Welcome back to our series on scoring vulnerabilities in medical device designs! In this post, we’re going to summarize the first five of nine key differences in CVSS Version 3 compared to Version 2 and describe the relative advantages or disadvantages of each change.
The change summary information contained in these sections is based on the summary provided by FIRST.
I. Vulnerability Impact Assessment
- Version 2: Vulnerabilities are scored relative to the overall impact on the host platform.
- Version 3: Vulnerabilities are now scored relative to the impact on the impacted component.
Impact on medical device design scoring: Very little. When CVSS v2 is used to score potential vulnerabilities at the time of design, the decomposition process forces the score to be assessed relative to the current component’s vulnerability. In this one respect, how we use v2 during the design phase is very similar to how FIRST intends v3 to be used at any phase.
II. Vulnerability Scope
- Version 2: Does not assess or score situations in which a vulnerability in one application impacted other applications on the same system.
- Version 3: A new metric, Scope, now accommodates vulnerabilities for which the impacted component is different from the vulnerable component.
Impact on medical device design scoring: This is not a desirable feature when scoring design vulnerabilities. The process is intended to highlight areas of the design where additional mitigations are indicated due to vulnerabilities in that component, not redirect attention away from the vulnerable component due to secondary impacts.
III. Local vs. Physical
- Version 2: The Access Complexity metric is not defined precisely enough to avoid conflating attacks that require local system access with those that require physical hardware attacks.
- Version 3: Local and Physical values are now separated in the Attack Vector metric.
Impact on medical device design scoring: This change produces an advantage where the system being scored is purely an MIS/IT-type system, since for these systems physical access can typically be controlled via physical security mitigations. However, for medical devices, physical attacks are almost always a viable attack vector. Therefore, conflating Local and Physical metrics is appropriate.

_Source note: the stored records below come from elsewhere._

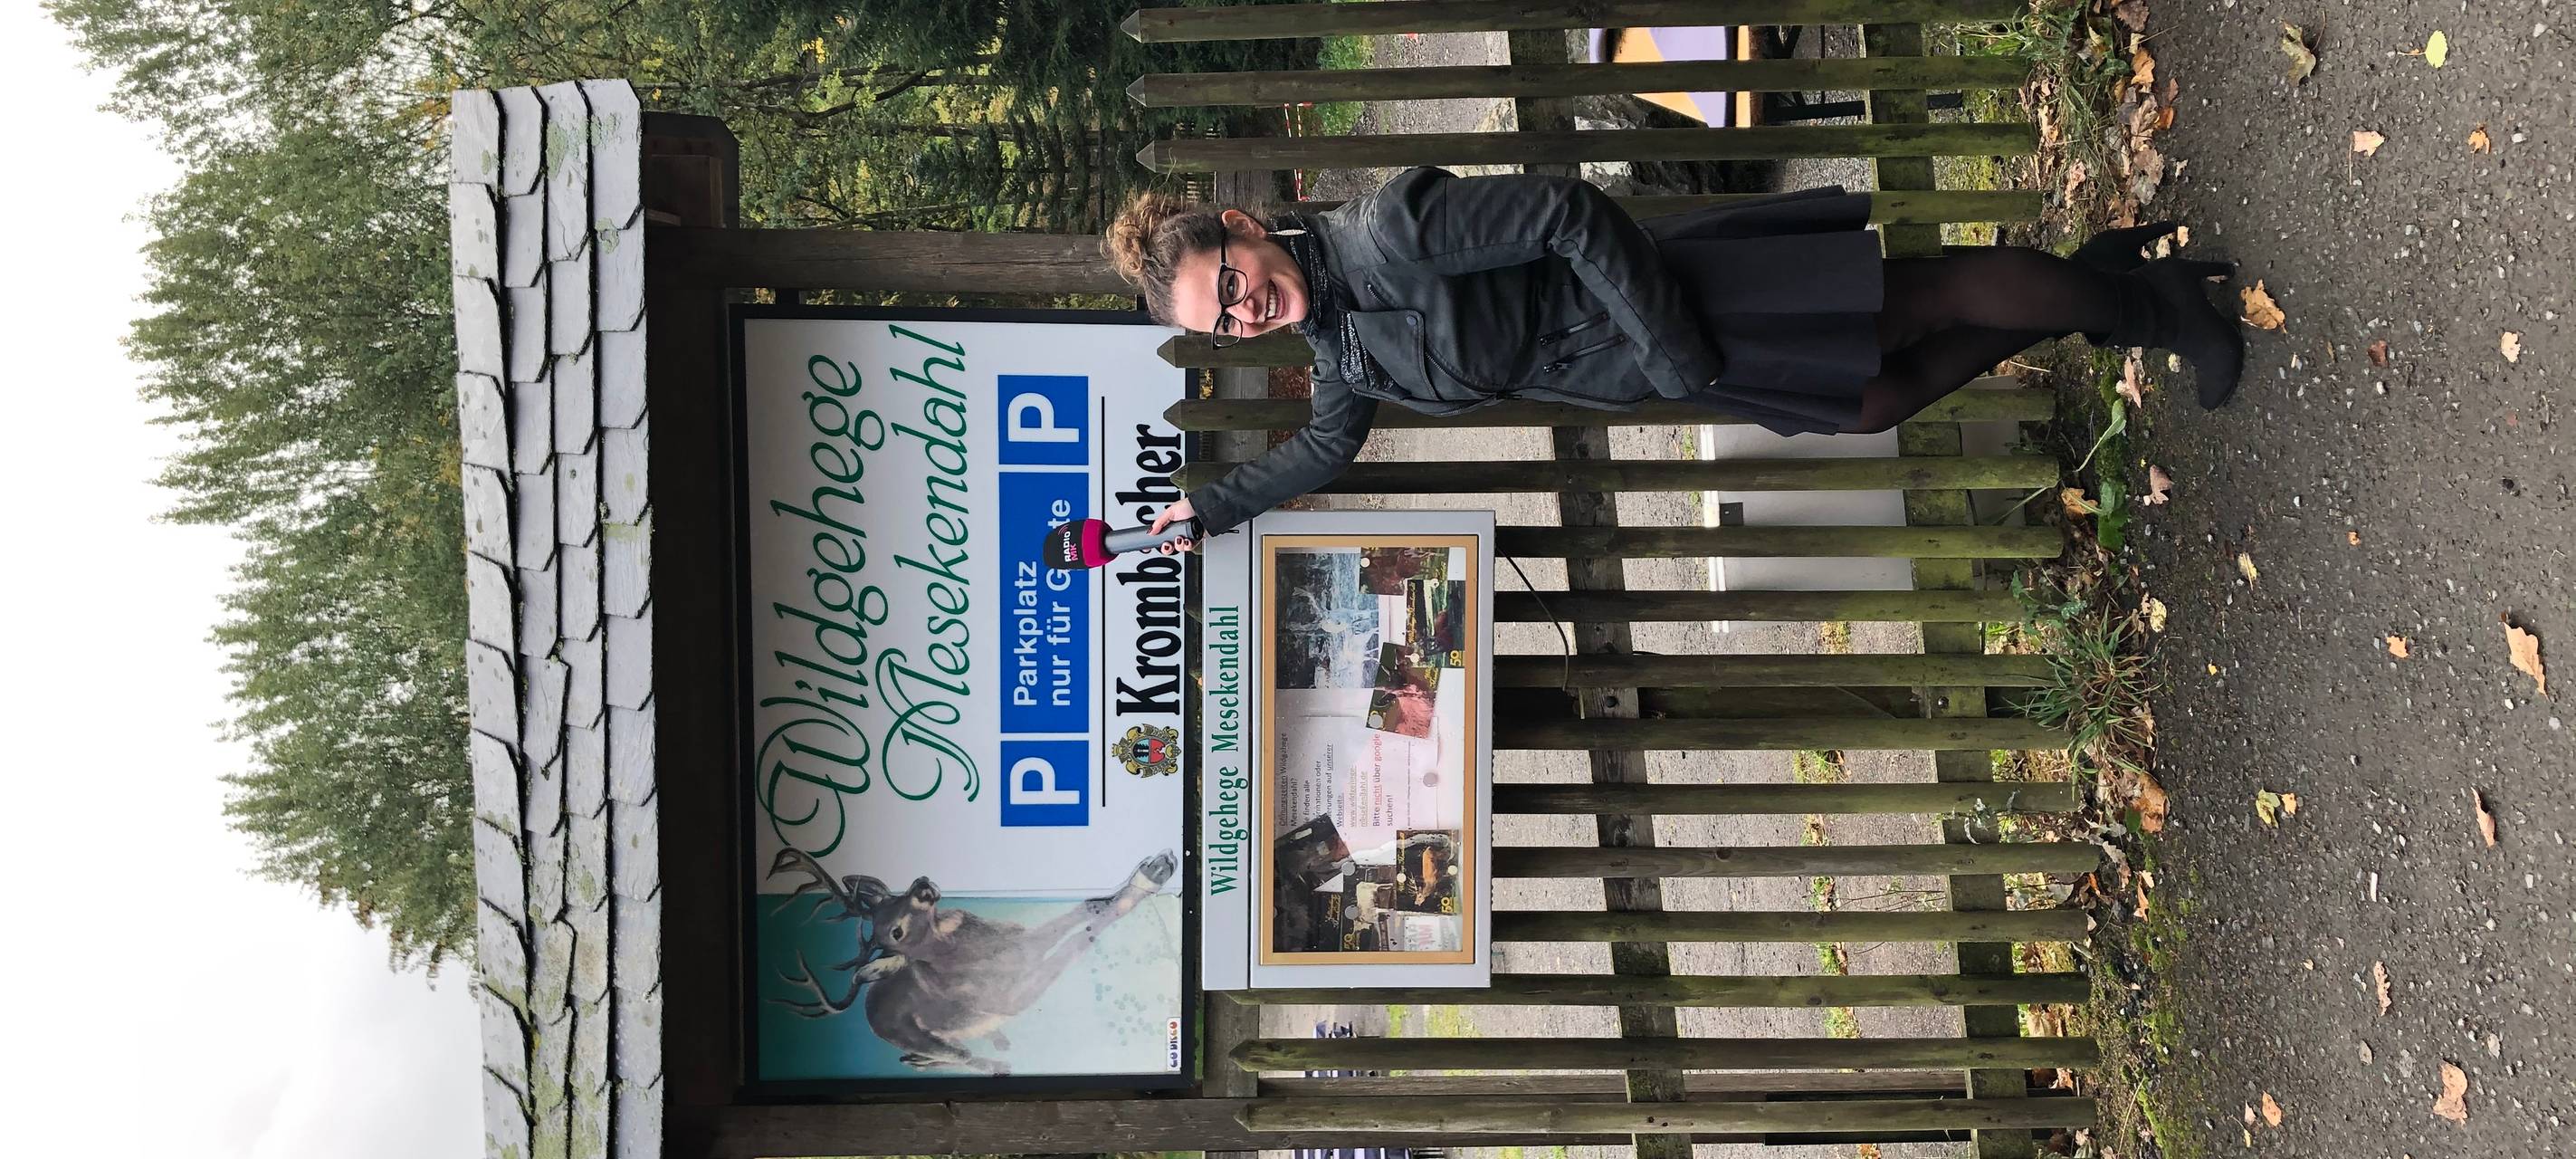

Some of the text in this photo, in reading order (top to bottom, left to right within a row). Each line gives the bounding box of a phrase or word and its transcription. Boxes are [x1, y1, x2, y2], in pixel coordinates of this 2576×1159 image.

[1007, 392, 1080, 443] P
[875, 324, 979, 802] Mesekendahl
[1063, 531, 1072, 562] RADIO
[1070, 543, 1079, 561] MK
[1114, 424, 1181, 717] Krombcher
[755, 354, 888, 858] Wildgehege
[1046, 499, 1072, 706] nur für Gte
[1013, 560, 1044, 706] Parkplatz
[1450, 650, 1462, 666] 50
[1208, 605, 1248, 896] Wildgehege Mesekendahl
[1372, 733, 1381, 761] google
[1009, 757, 1080, 805] P
[1372, 784, 1381, 805] nicht
[1441, 896, 1454, 913] 50

IV. User Inclusion in Access Complexity
- Version 2: In some cases, Access Complexity could conflate system configuration with user interaction.

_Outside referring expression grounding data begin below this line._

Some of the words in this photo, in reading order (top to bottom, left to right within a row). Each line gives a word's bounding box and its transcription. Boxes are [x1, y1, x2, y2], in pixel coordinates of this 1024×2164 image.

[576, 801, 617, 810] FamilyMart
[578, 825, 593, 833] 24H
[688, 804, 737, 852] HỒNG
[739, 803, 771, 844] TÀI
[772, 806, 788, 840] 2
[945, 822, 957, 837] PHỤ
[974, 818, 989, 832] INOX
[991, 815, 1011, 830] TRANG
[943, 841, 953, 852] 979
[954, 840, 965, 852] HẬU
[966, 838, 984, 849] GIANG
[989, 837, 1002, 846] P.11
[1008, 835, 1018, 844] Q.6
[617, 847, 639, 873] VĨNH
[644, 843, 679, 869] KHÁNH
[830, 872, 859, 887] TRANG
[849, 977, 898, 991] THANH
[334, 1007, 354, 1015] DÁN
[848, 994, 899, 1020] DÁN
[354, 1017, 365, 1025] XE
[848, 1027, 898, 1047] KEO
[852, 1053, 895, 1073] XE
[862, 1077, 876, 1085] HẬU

- Version 3: The Access Complexity metric has been separated into Attack Complexity (accounting for system complexity), and User Interaction (accounting for user involvement in a successful attack).
Impact on medical device design scoring: There is no advantage in separating Access Complexity into two metrics in a medical device. Moreover, doing so tends to drive mitigations towards involving a user, which adds to user burden and has been proven to be an ineffective mitigation.
V. Authentication vs. Privileges Required
- Version 2: In practice, the Authentication metric scores were biased toward two of three possible outcomes, and so did not effectively simply identify a vulnerability.
- Version 3: A new metric, Privileges Required, replaces Authentication. The scoring system now reflects the greatest level of privilege required by an attacker, rather than the number of times and ways the attacker must authenticate.
Impact on medical device design scoring: This change reflects the MIS/IT focus of the FIRST organization; it assumes that there is a privilege structure to be exploited. For most medical devices, “Authentication” needs to be the initial qualifier, as it provides the basis for any “Authorization” that enables a privilege structure to be accessed in a subsequent process.